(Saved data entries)
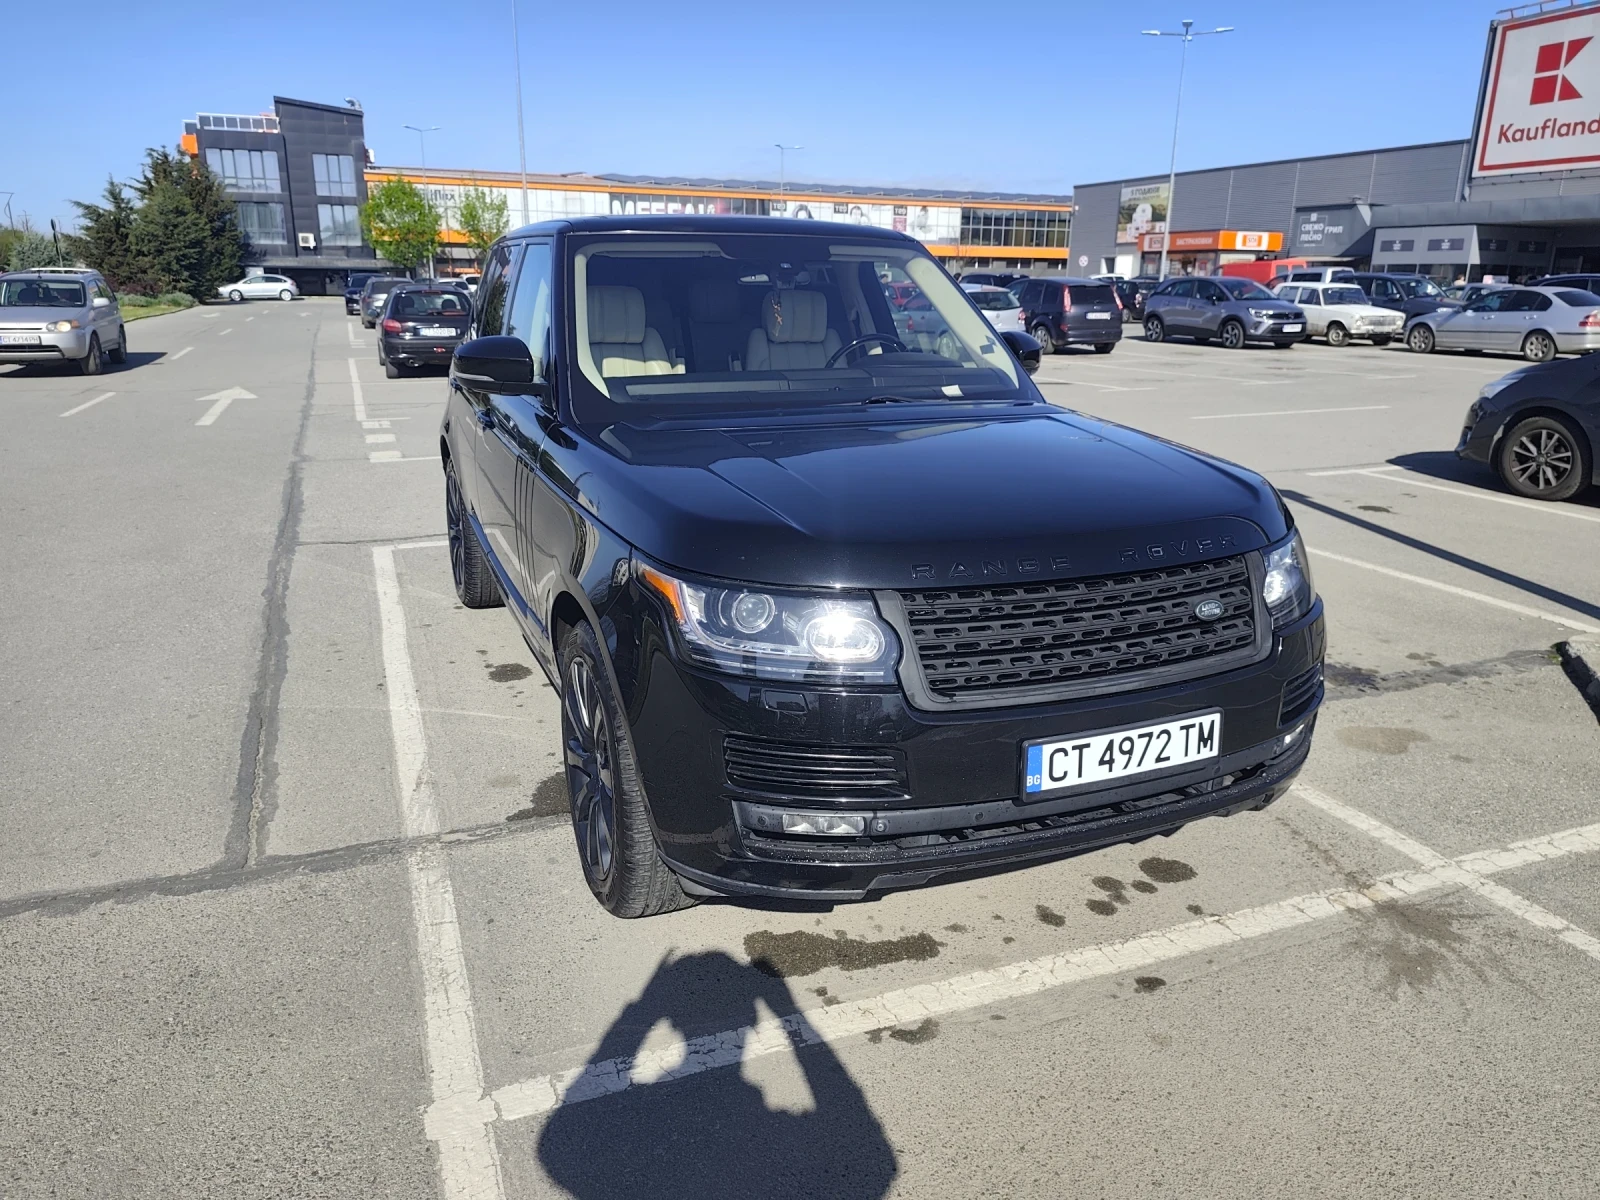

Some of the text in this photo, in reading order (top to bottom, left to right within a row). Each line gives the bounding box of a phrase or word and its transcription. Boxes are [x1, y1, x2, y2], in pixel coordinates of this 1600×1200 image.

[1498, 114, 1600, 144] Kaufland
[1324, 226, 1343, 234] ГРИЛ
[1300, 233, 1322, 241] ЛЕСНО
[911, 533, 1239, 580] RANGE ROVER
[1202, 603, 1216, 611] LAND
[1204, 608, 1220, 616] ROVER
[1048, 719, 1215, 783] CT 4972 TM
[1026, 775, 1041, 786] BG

▶ **DIRECTIONS**: Reproduce the whole of the data, word for word, and omit its pictures.

▶ **ANSWER TO THE PROBLEM**:
Some of the text in this photo, in reading order (top to bottom, left to right within a row). Each line gives the bounding box of a phrase or word and its transcription. Boxes are [x1, y1, x2, y2], in pixel coordinates of this 1600×1200 image.

[1498, 114, 1600, 144] Kaufland
[1324, 226, 1343, 234] ГРИЛ
[1300, 233, 1322, 241] ЛЕСНО
[911, 533, 1239, 580] RANGE ROVER
[1202, 603, 1216, 611] LAND
[1204, 608, 1220, 616] ROVER
[1048, 719, 1215, 783] CT 4972 TM
[1026, 775, 1041, 786] BG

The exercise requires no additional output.